Your task is to extract the lines from the one holding "this 1445×1219 image." through the end of the material. Set them down exactly and add nothing.

## Listed entries
- Opening Delimiter -

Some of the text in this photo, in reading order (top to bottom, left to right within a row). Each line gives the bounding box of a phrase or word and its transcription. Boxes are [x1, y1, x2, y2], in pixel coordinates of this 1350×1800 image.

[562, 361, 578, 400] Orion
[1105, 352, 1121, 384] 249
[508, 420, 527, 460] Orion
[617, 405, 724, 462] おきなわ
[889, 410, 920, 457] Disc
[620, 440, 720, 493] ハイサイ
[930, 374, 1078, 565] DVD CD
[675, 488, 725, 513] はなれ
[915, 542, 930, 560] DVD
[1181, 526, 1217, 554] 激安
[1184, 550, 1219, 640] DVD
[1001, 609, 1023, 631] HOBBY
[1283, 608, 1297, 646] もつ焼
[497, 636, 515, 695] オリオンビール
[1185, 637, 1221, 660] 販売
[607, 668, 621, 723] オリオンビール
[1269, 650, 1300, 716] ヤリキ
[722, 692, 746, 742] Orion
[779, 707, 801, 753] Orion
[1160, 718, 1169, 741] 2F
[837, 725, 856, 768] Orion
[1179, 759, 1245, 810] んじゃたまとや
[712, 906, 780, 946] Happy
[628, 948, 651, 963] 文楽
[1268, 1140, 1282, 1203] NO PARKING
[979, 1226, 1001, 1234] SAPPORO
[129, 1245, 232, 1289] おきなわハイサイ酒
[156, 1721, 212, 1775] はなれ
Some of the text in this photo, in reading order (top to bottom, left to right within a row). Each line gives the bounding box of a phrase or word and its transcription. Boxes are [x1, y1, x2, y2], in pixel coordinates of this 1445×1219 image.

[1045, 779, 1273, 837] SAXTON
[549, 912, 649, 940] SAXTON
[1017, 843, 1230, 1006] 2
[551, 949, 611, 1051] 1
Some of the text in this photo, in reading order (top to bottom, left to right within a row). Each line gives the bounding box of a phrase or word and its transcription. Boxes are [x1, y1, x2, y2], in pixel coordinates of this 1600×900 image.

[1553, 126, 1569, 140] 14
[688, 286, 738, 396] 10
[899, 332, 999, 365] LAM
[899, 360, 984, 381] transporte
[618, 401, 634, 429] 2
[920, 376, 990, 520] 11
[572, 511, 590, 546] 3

- Closing Delimiter -

## Solution to this problem
Some of the text in this photo, in reading order (top to bottom, left to right within a row). Each line gives the bounding box of a phrase or word and its transcription. Boxes are [x1, y1, x2, y2], in pixel coordinates of this 1445×1219 image.

[1045, 779, 1273, 837] SAXTON
[549, 912, 649, 940] SAXTON
[1017, 843, 1230, 1006] 2
[551, 949, 611, 1051] 1
Some of the text in this photo, in reading order (top to bottom, left to right within a row). Each line gives the bounding box of a phrase or word and its transcription. Boxes are [x1, y1, x2, y2], in pixel coordinates of this 1600×900 image.

[1553, 126, 1569, 140] 14
[688, 286, 738, 396] 10
[899, 332, 999, 365] LAM
[899, 360, 984, 381] transporte
[618, 401, 634, 429] 2
[920, 376, 990, 520] 11
[572, 511, 590, 546] 3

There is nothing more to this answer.